Seller Operating Agreement has the meaning set forth in Section 2.1(d).
Seller Operating Agreement means that certain Limited Partnership Agreement of Seller, dated as of November 8, 2012, among SRP PrimeStar, as a limited partner, PAF VI, as a limited partner, and General Partner, as a general partner, as amended pursuant to that certain Amendment to Limited Partnership Agreement of Seller, dated as of February 7, 2013 by and among SRP PrimeStar, PAF VI and General Partner, as the same may be amended, amended and restated or otherwise modified from time to time in accordance with the terms of this Agreement.
Seller Operating Agreement means Seller’s Third Amended and Restated Operating Agreement dated August 2018, as amended on July 16, 2020, as in effect at the time of Closing.
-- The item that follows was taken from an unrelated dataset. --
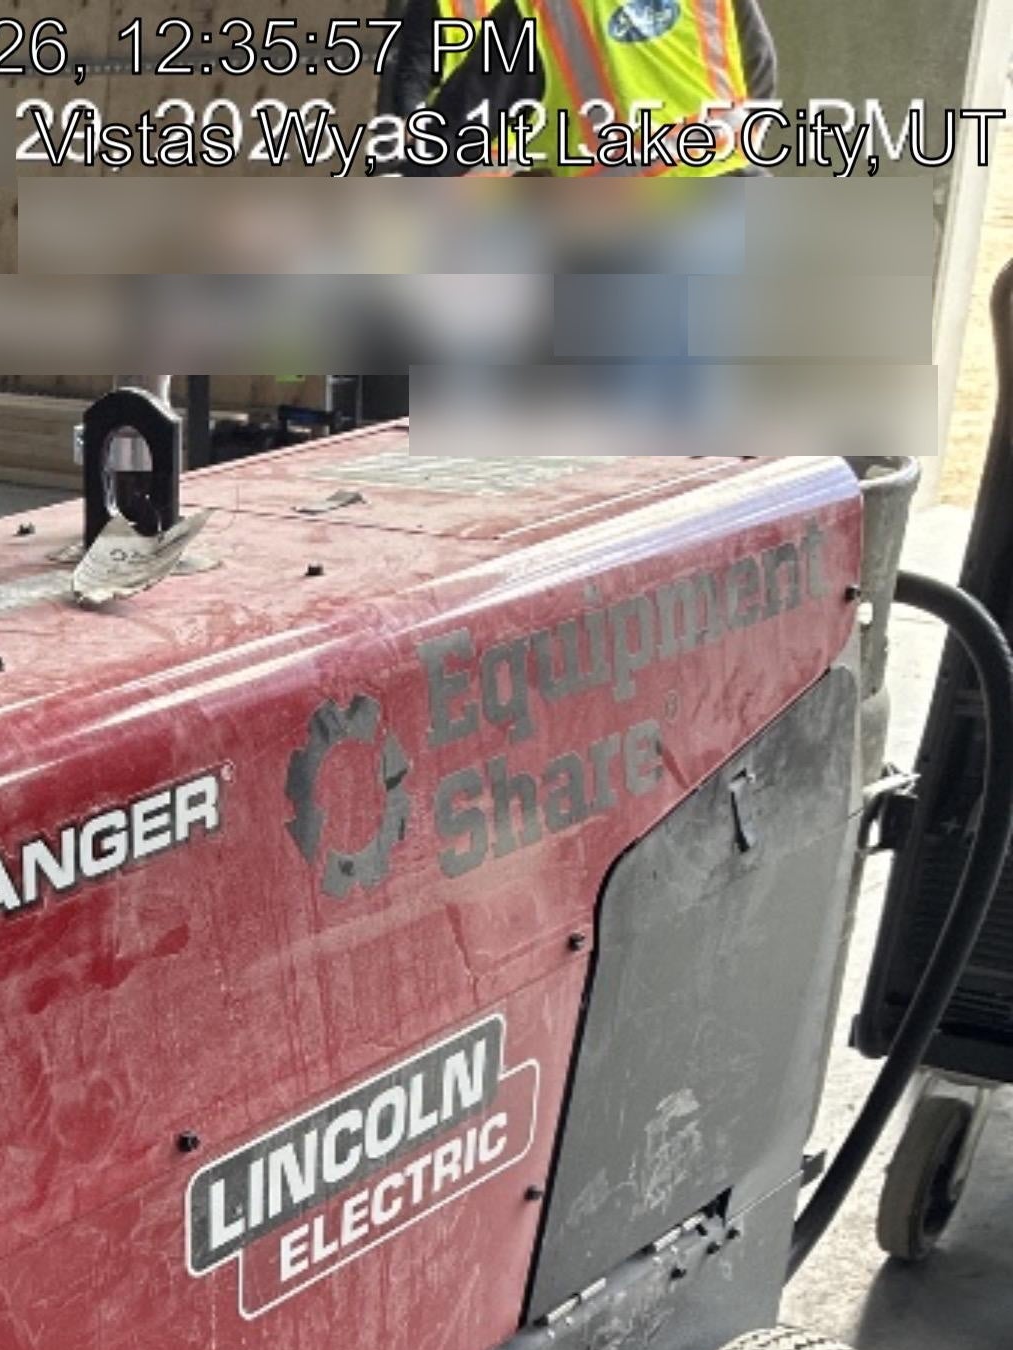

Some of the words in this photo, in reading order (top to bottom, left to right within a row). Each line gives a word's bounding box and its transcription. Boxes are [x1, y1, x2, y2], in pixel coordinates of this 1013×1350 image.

[418, 517, 830, 747] Equipment
[432, 718, 664, 880] Share
[209, 1038, 486, 1251] LINCOLN
[280, 1112, 508, 1282] ELECTRIC
Seller Operating Agreement as defined in Section 6.5.
Seller Operating Agreement with respect to the Seller, shall mean the limited liability company agreement governing the rights and obligations of its members.
Seller Operating Agreement means the Fourth Amended and Restated Operating Agreement of Silicon Therapeutics LLC, dated as of July 2, 2020, as may be amended or amended and restated.